La scelta nasce dal fatto che ci sembrava, al di dell’estate, un brano energico e carico. Raccoglie gli ascolti congiunti di questi ultimi anni. Abbiamo ascolti differenti, siamo uno più esterofilo e uno più tradizionalista e legato al cantautorato. Serviva una cifra stilistica che mettesse insieme il tutto e The National è l’essenza di quello che ci piace. In Bompiani c’era un poster con ante frasi di scrittori Alberto Moravia partecipava affermando l’unica forma di monogamia che mi riconosco è con Bompiani. Lo amiamo entrambi, richiama il sentimento distaccato ma attivo dalla società che ti sta intorno. Una sorta di menefreghismo. Prima c’erano quelli di Gramsci che scrisse Odio gli indifferenti. Il me ne frego non ci piace, ma ribaltando i canoni finirà la solitudine: siamo indifferenti a una civiltà ti comprime.
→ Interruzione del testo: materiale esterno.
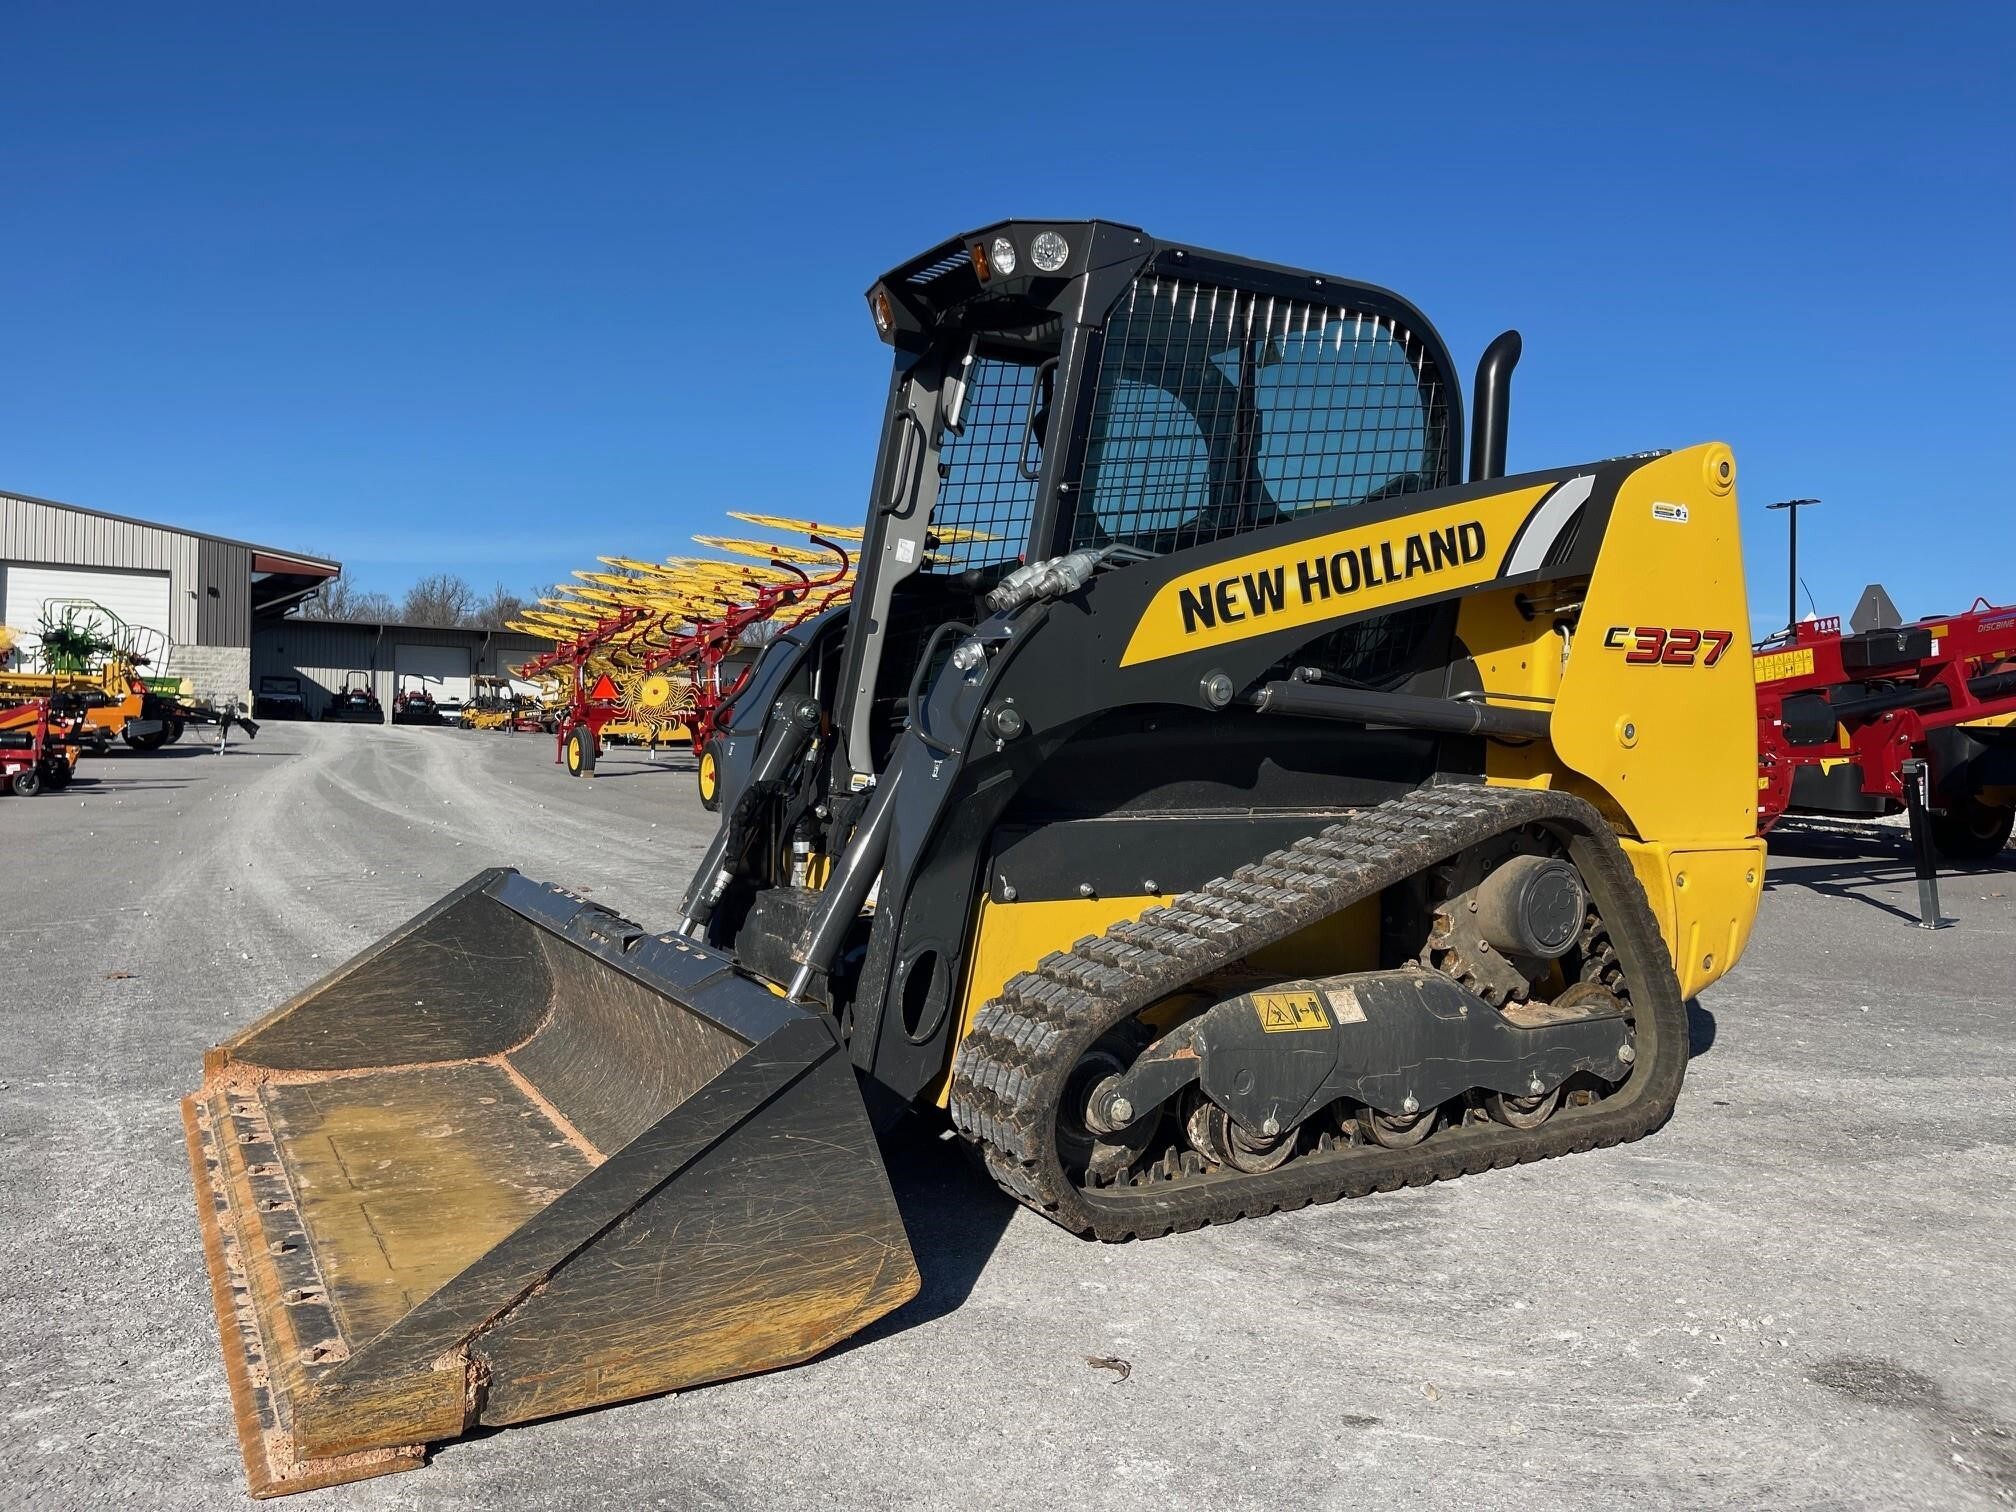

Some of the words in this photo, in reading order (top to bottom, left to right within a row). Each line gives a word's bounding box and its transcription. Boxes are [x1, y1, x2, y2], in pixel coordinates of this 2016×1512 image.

[1178, 564, 1285, 635] NEW
[1296, 520, 1487, 605] HOLLAND
[1977, 619, 2015, 632] DISCBINE
[1603, 626, 1733, 666] C327
E’ una emozione fare un singolo di quasi quattro minuti?
Si chiama parte attiva dell’indifferenza. Potremmo fare anche 50 minuti, non c’è il supporto fisico e dunque non esiste un tempo limite. E’ un nostro modo di fregarcene di certe logiche, bisogna lasciare andare la musica che accompagna le parole. La musica è note e pause.
Non credete che la politica annoi anche senza inseguire emozioni violente?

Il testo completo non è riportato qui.